標題: 適用於可調式小波視訊編碼之訊源機率模型與位元率-失真最佳化方法
Source Modeling and Rate-Distortion Optimization in Scalable Wavelet Video Coder
作者: 蔡家揚
Tsai, Chia-Yang
杭學鳴
Hang, Hsueh-Ming
電子研究所
關鍵字: 可調式小波視訊編碼;訊源模型;位元率-失真最佳化;scalable wavelet video coding;source modeiling;rate-distortion optimization
公開日期: 2010
摘要: 本研究主題可分為兩個主要項目:動態補償(motion-compensated) 差值訊號之訊源模型(source model)以及位元率-失真(rate-distortion)最佳化參數選擇,在第一個項目中,我們發展了零值廣義高斯分佈(ρ-GGD)訊源模型,可準確模擬可調式小波編碼(scalable wavelet coding)中的訊號機率分佈。我們提出了分段式線性方法可有效率估測在零值廣義高斯模型中的型態參數,並且藉由改善零值機率的估測而提高機率模型之精準度。在第二個項目中,我們提出了一個位元率-失真(rate-distortion)模型用以描述可調式小波視訊編碼中的動態預測效率。可調式編碼架構為開放式迴圈(open-loop)並且同時有多種位元率的編碼需求,與傳統非可調式編碼有很大的不同,也因此傳統上廣泛使用的拉格朗日(Lagrangian)最佳化方法無法良好應用於可調式小波視訊編碼上。為了找到在動態資訊與殘存訊號間最好的位元率分配方法,我們提出了動態資訊增益(MIG)做為量測動態預測效率指標。基於這項指標,新的代價函式一同被提出。相較於傳統拉格朗日最佳化作法,我們的實驗結果顯示了所提出的模式決定方法可在SNR與畫面率可調式條件下,擁有較佳的PSNR表現。

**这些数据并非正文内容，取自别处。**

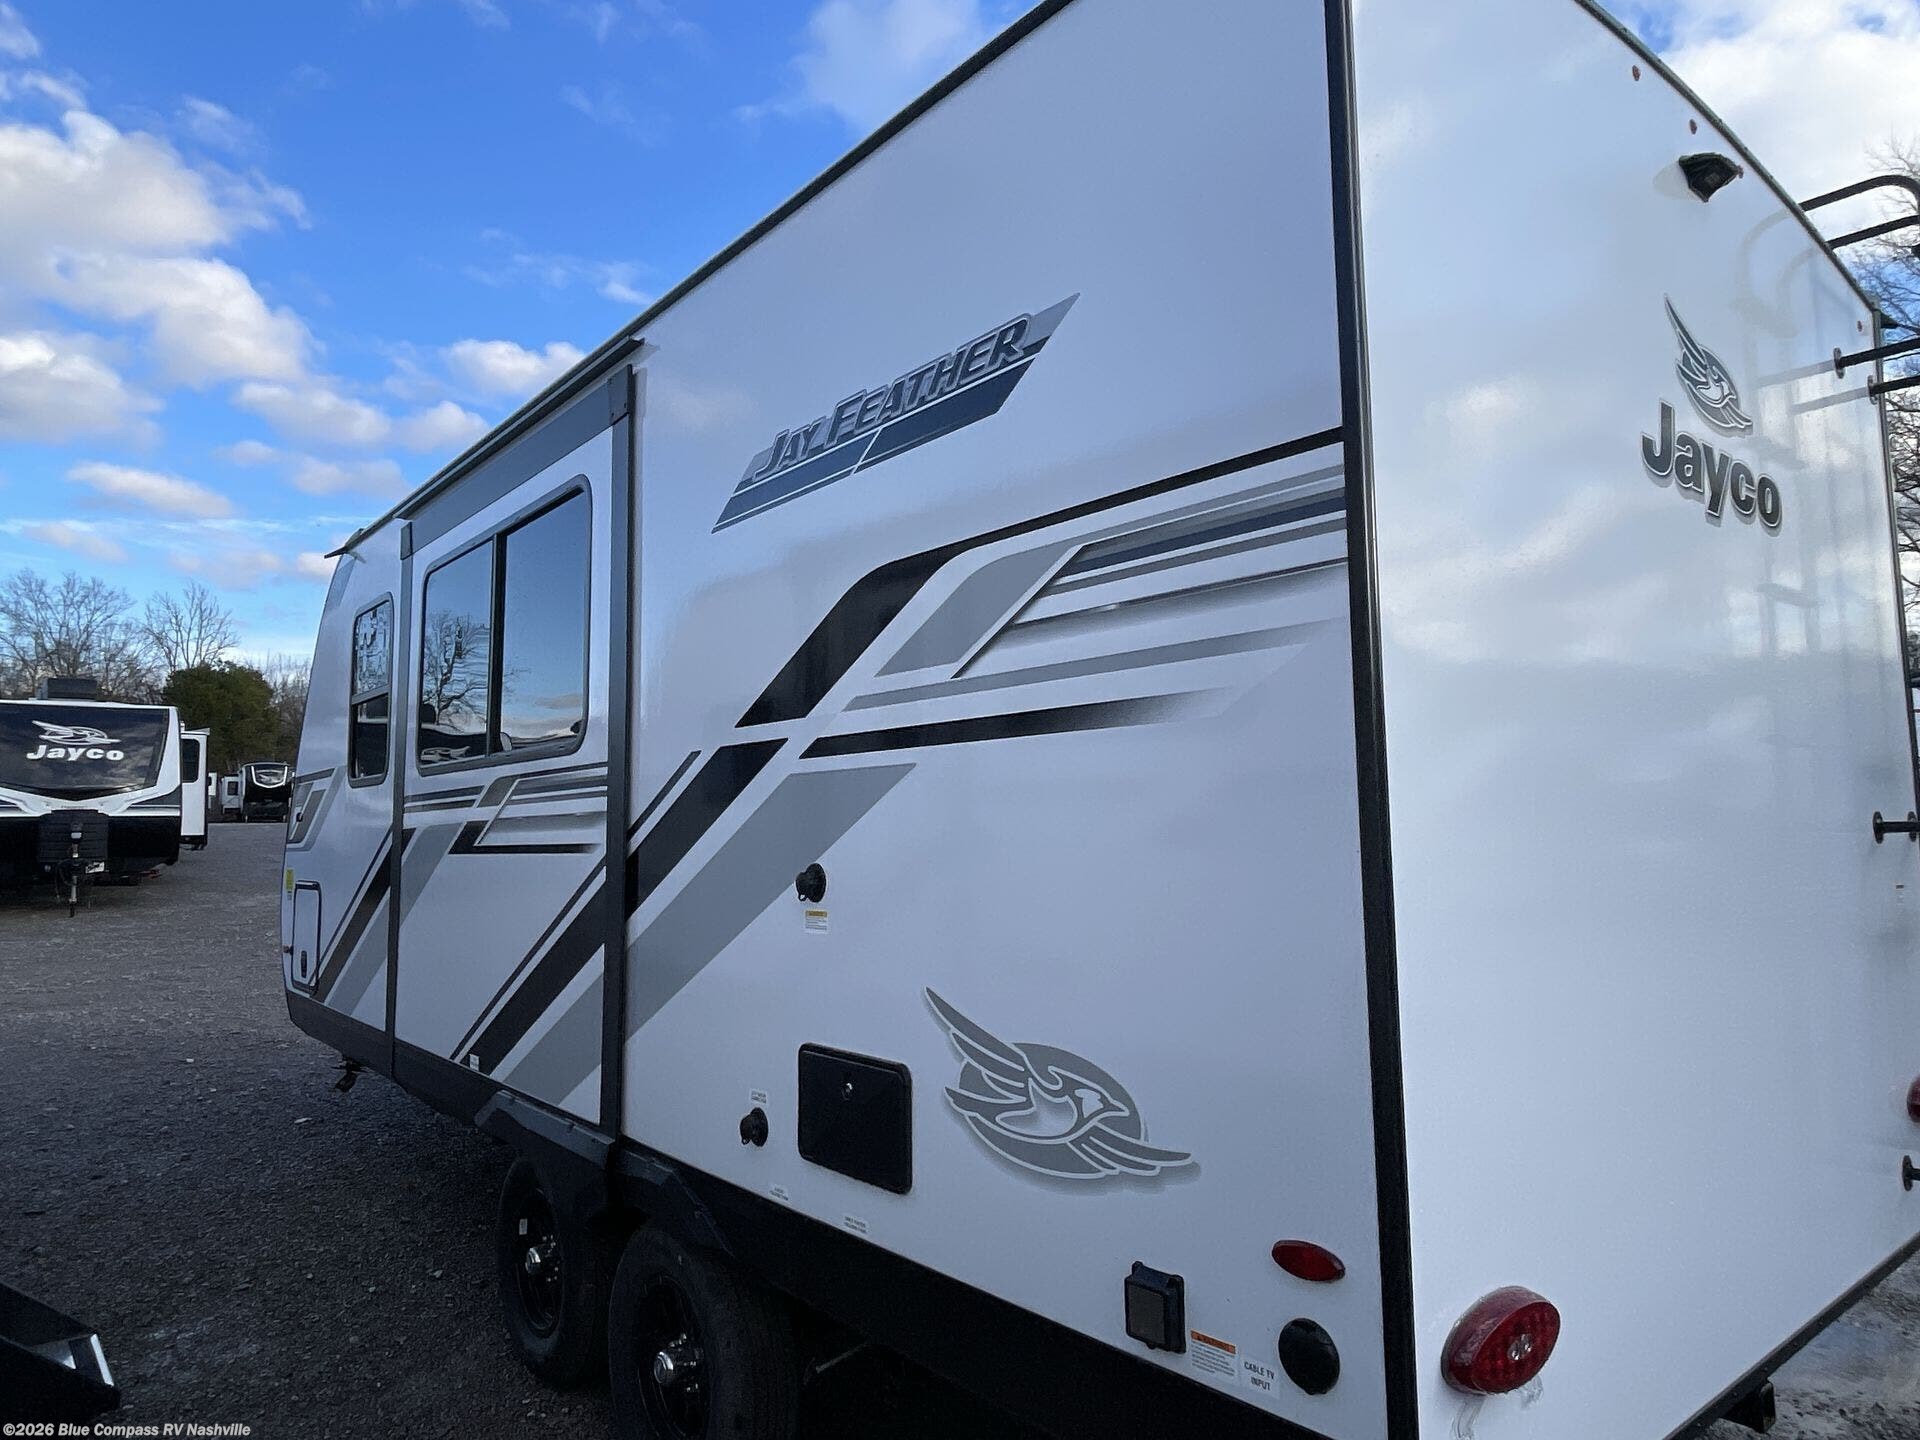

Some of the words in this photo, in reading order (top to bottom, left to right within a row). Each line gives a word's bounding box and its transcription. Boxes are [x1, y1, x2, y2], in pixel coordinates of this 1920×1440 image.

There are two key elements in this study, namely, the source modeling of the motion-compensated prediction error signals, and the coding parameter selection to minimize the rate-distortion criterion. For the first item, we develop an accurate ρ-GGD (Generalized Gaussian Distribution) source model for approximating the signal probability distribution in scalable wavelet coding. An efficient piecewise linear expression is designed to estimate the shape parameter of the ρ-GGD. We also improve the model accuracy in matching the real data by modifying the ρ parameter estimation formula. For the second item, a rate-distortion model for describing the motion prediction efficiency in scalable wavelet video coding is proposed. Different from the conventional non-scalable video coding, the scalable wavelet video coding needs to operate under multiple bitrate conditions and it has an open-loop structure. The conventional Lagrangian multiplier, which is widely used to solve the rate-distortion optimization problems in video coding, does not fit well into the scalable wavelet structure. In order to find the rate-distortion trade-off due to different bits allocated to motion and textual residual information, we suggest a motion information gain (MIG) metric to measure the motion prediction efficiency. Based on this metric, a new cost function for mode decision is proposed. Compared with the conventional Lagrangian optimization, our experimental results show that the new mode decision method generally improves the PSNR performance in the combined SNR and temporal scalability cases.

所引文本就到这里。